### Task objective:
Each entry below is to be written out exactly, and the pictures are to be left out.

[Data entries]
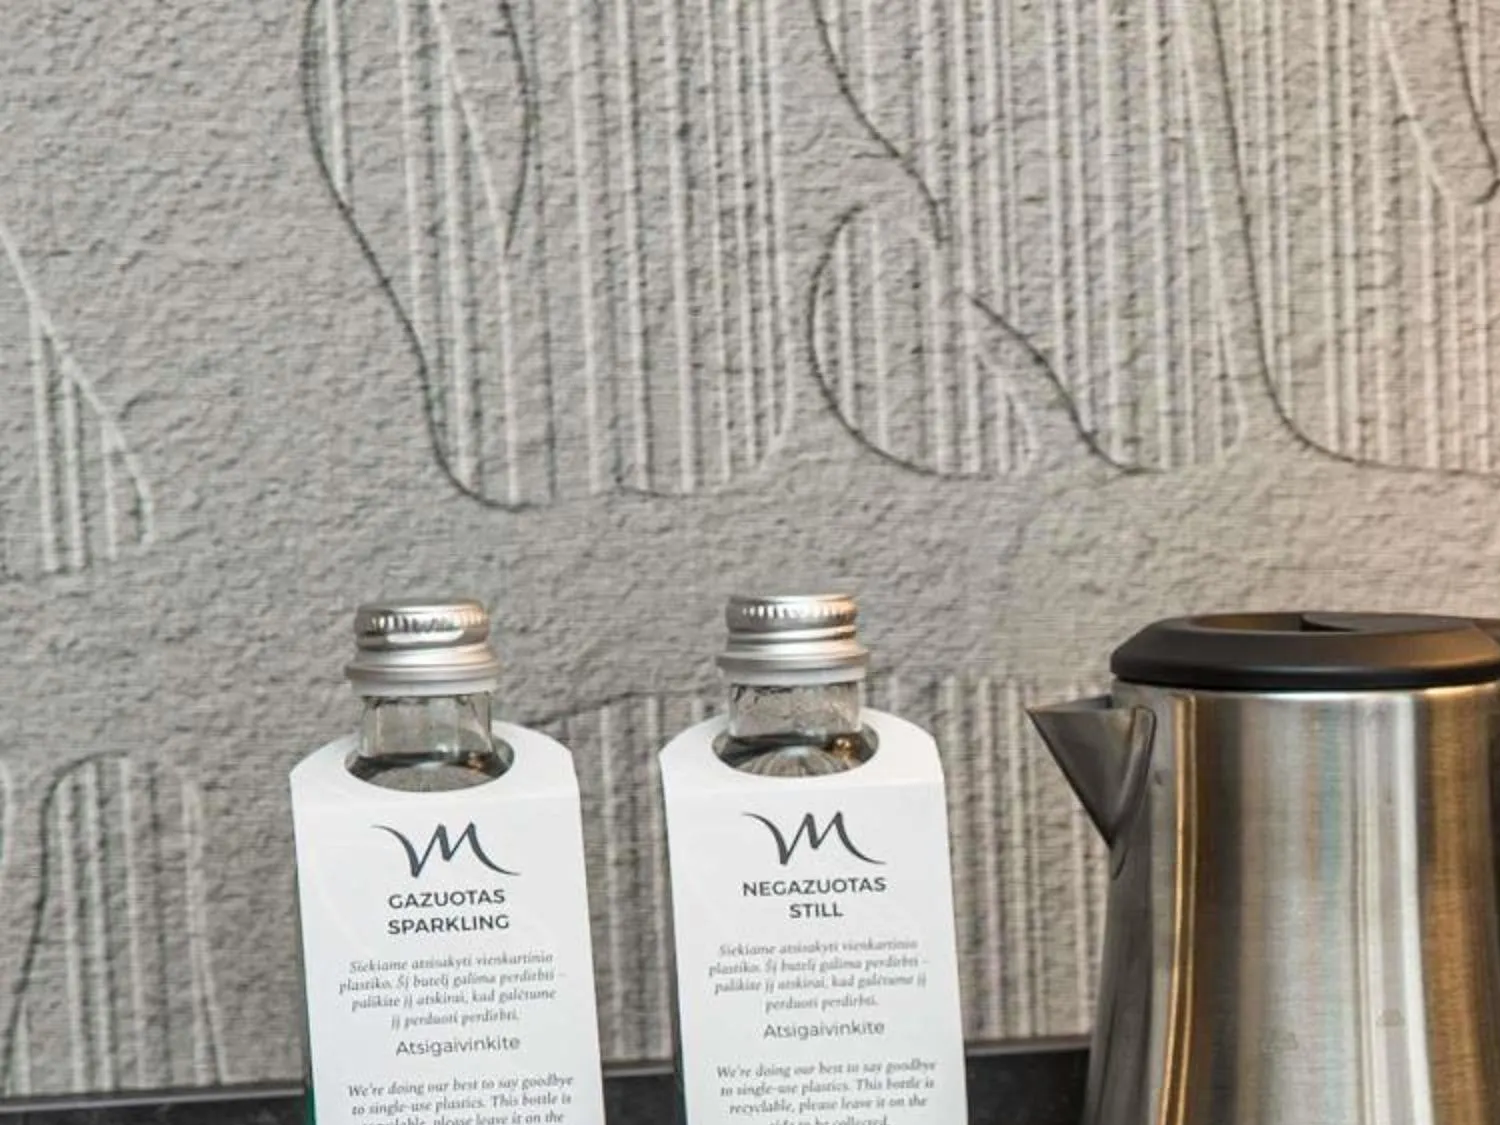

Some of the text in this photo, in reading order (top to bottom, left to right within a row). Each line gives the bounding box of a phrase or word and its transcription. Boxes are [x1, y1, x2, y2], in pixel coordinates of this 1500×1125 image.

[742, 876, 887, 898] NEGAZUOTAS
[388, 888, 505, 910] GAZUOTAS
[789, 902, 844, 919] STILL
[387, 914, 510, 935] SPARKLING
[472, 988, 494, 1002] kad
[763, 1020, 885, 1041] Atsigaivinkite
[396, 1035, 520, 1057] Atsigaivinkite
[755, 1063, 790, 1078] doing
[819, 1062, 843, 1074] best
[887, 1058, 936, 1073] goodbye
[349, 1073, 573, 1097] We're doing our best to say goodbye
[737, 1082, 798, 1097] single-use
[856, 1078, 883, 1090] This
[886, 1076, 922, 1089] bottle
[352, 1104, 364, 1115] to
[369, 1100, 431, 1117] single-use
[491, 1095, 517, 1107] This
[522, 1092, 557, 1106] bottle
[561, 1093, 571, 1104] is
[799, 1098, 837, 1114] please
[841, 1097, 872, 1110] leave
[908, 1095, 927, 1107] the
[476, 1114, 508, 1125] leave
[525, 1114, 541, 1124] on
[545, 1110, 564, 1123] the
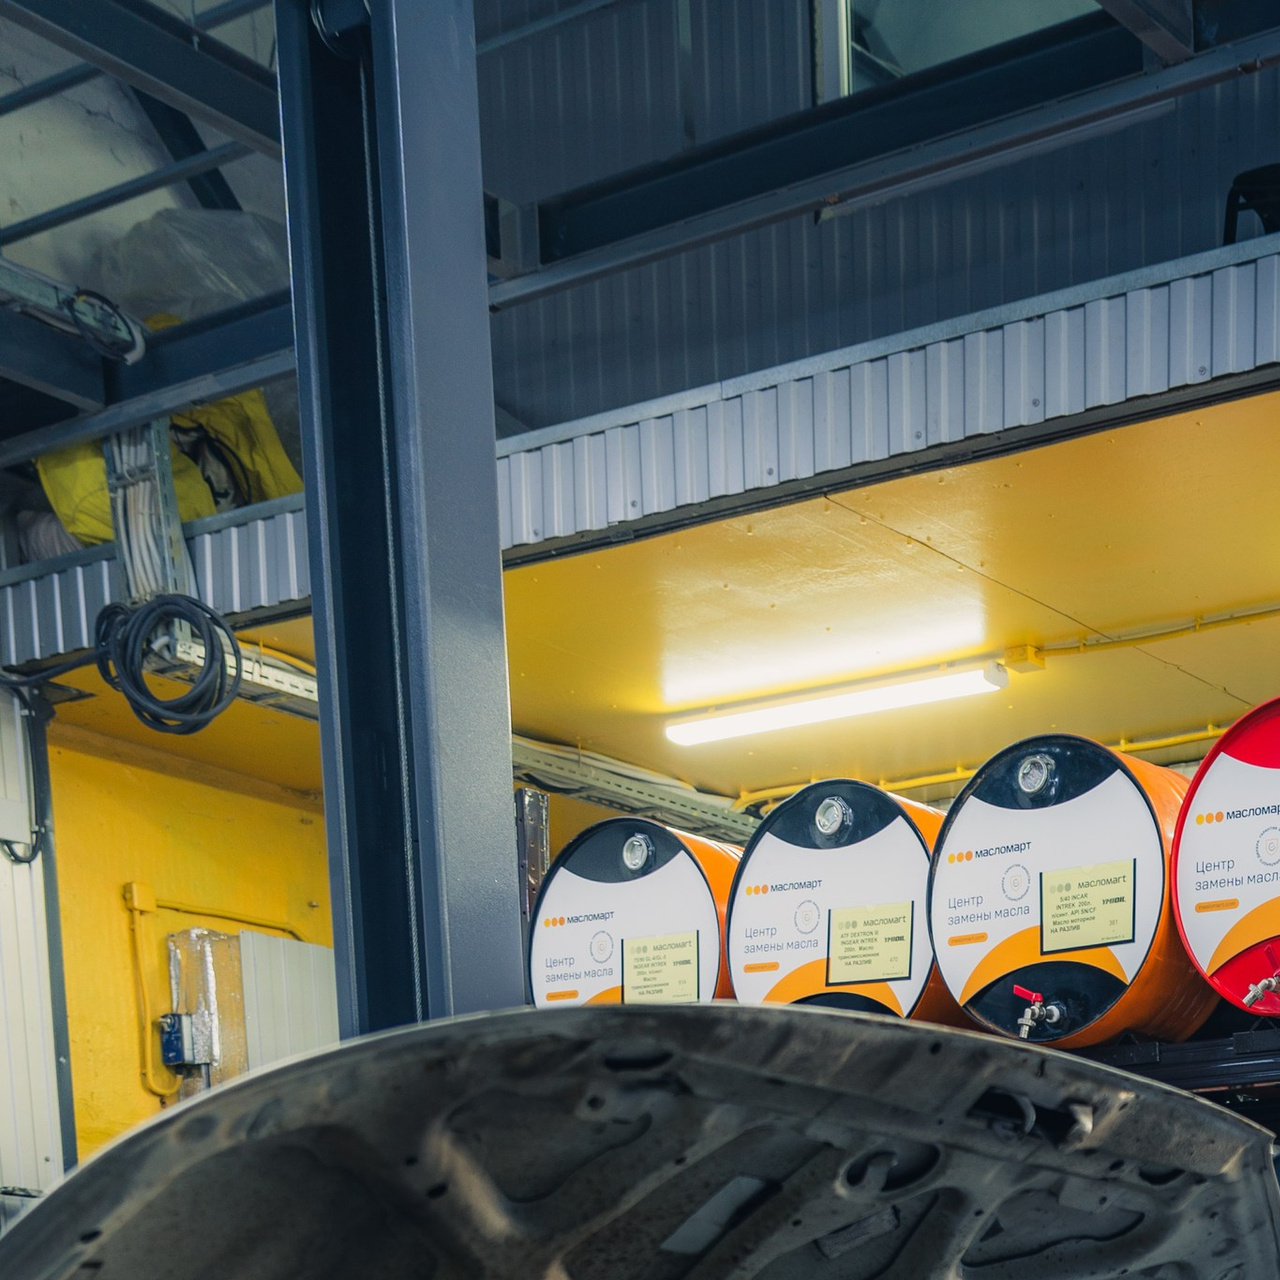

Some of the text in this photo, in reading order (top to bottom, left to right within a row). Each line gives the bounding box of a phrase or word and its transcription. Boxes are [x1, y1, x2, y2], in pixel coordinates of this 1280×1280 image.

### Answer box:
Some of the text in this photo, in reading order (top to bottom, left to right within a row). Each line gives the bounding box of a phrase or word and its transcription. Boxes are [x1, y1, x2, y2], in pixel coordinates of this 1500×1125 image.

[742, 876, 887, 898] NEGAZUOTAS
[388, 888, 505, 910] GAZUOTAS
[789, 902, 844, 919] STILL
[387, 914, 510, 935] SPARKLING
[472, 988, 494, 1002] kad
[763, 1020, 885, 1041] Atsigaivinkite
[396, 1035, 520, 1057] Atsigaivinkite
[755, 1063, 790, 1078] doing
[819, 1062, 843, 1074] best
[887, 1058, 936, 1073] goodbye
[349, 1073, 573, 1097] We're doing our best to say goodbye
[737, 1082, 798, 1097] single-use
[856, 1078, 883, 1090] This
[886, 1076, 922, 1089] bottle
[352, 1104, 364, 1115] to
[369, 1100, 431, 1117] single-use
[491, 1095, 517, 1107] This
[522, 1092, 557, 1106] bottle
[561, 1093, 571, 1104] is
[799, 1098, 837, 1114] please
[841, 1097, 872, 1110] leave
[908, 1095, 927, 1107] the
[476, 1114, 508, 1125] leave
[525, 1114, 541, 1124] on
[545, 1110, 564, 1123] the

Some of the text in this photo, in reading order (top to bottom, left to right within a row). Each line gives the bounding box of a phrase or word and its transcription. Boxes are [x1, y1, x2, y2], in pixel coordinates of this 1280×1280 image.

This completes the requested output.